*** SUPPLIED MATERIAL ***

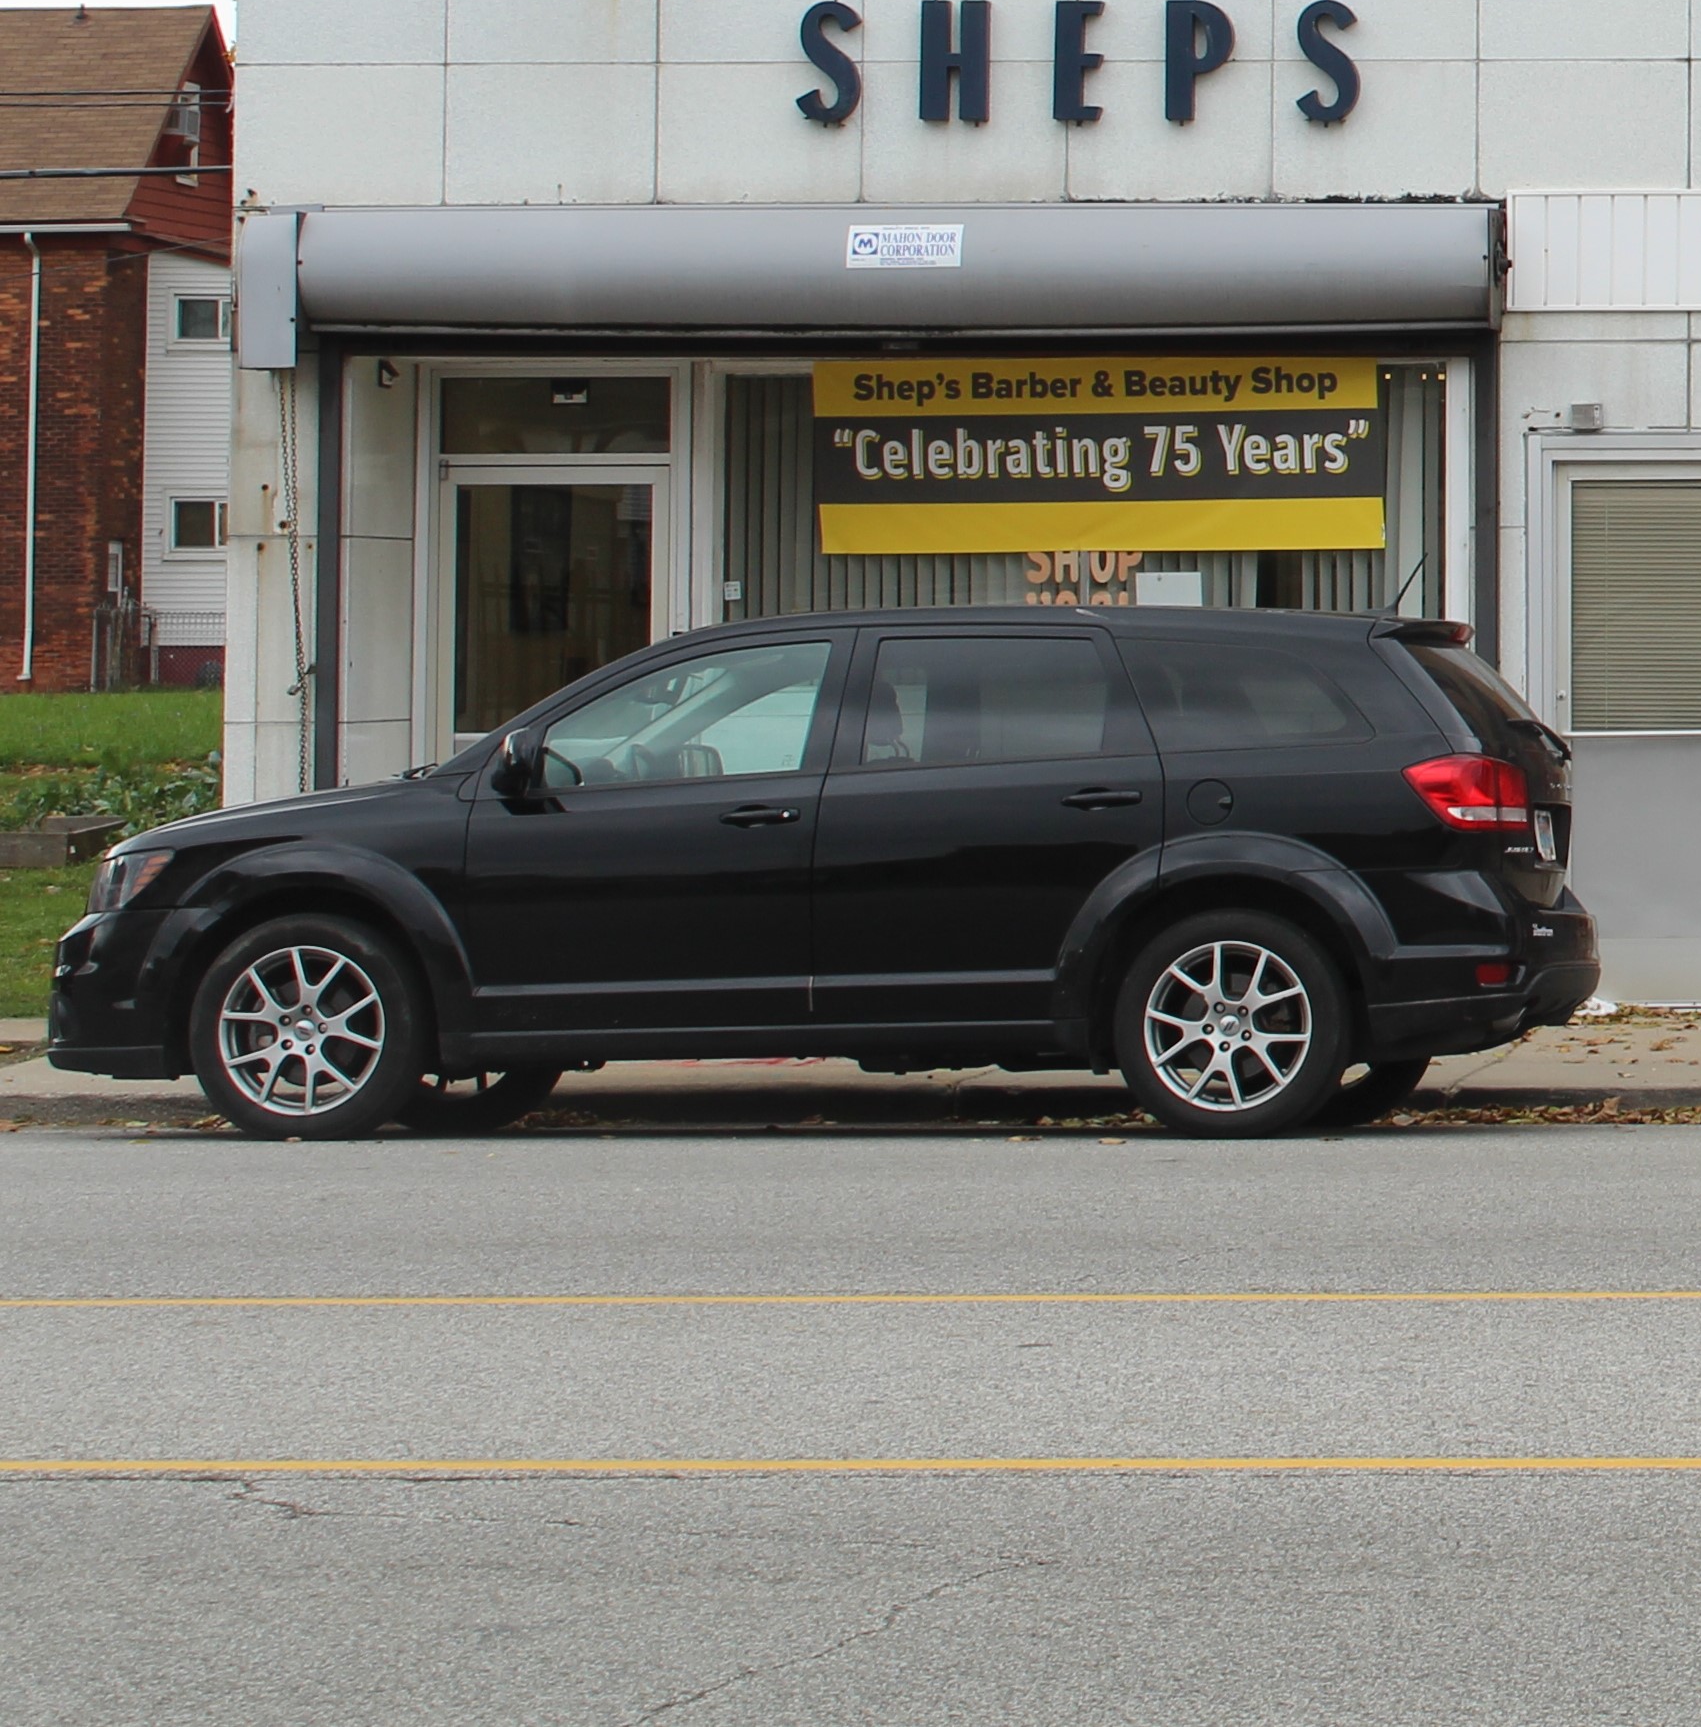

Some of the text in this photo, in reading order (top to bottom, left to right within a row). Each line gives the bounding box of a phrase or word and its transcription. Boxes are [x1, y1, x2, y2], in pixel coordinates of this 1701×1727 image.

[795, 0, 1360, 123] SHEPS
[880, 244, 956, 257] CORPORATION
[881, 233, 957, 244] MAHON DOOR
[853, 366, 1338, 406] Shep’s Barber & Beauty Shop
[1143, 424, 1202, 477] 75
[1027, 551, 1143, 584] SHOP

*** End of SUPPLIED MATERIAL ***

**ASSIGNMENT**
No picture belongs in the answer; the rest of the records must be repeated exactly.

**RESULT OF THIS TASK**
Some of the text in this photo, in reading order (top to bottom, left to right within a row). Each line gives the bounding box of a phrase or word and its transcription. Boxes are [x1, y1, x2, y2], in pixel coordinates of this 1701×1727 image.

[795, 0, 1360, 123] SHEPS
[880, 244, 956, 257] CORPORATION
[881, 233, 957, 244] MAHON DOOR
[853, 366, 1338, 406] Shep’s Barber & Beauty Shop
[1143, 424, 1202, 477] 75
[1027, 551, 1143, 584] SHOP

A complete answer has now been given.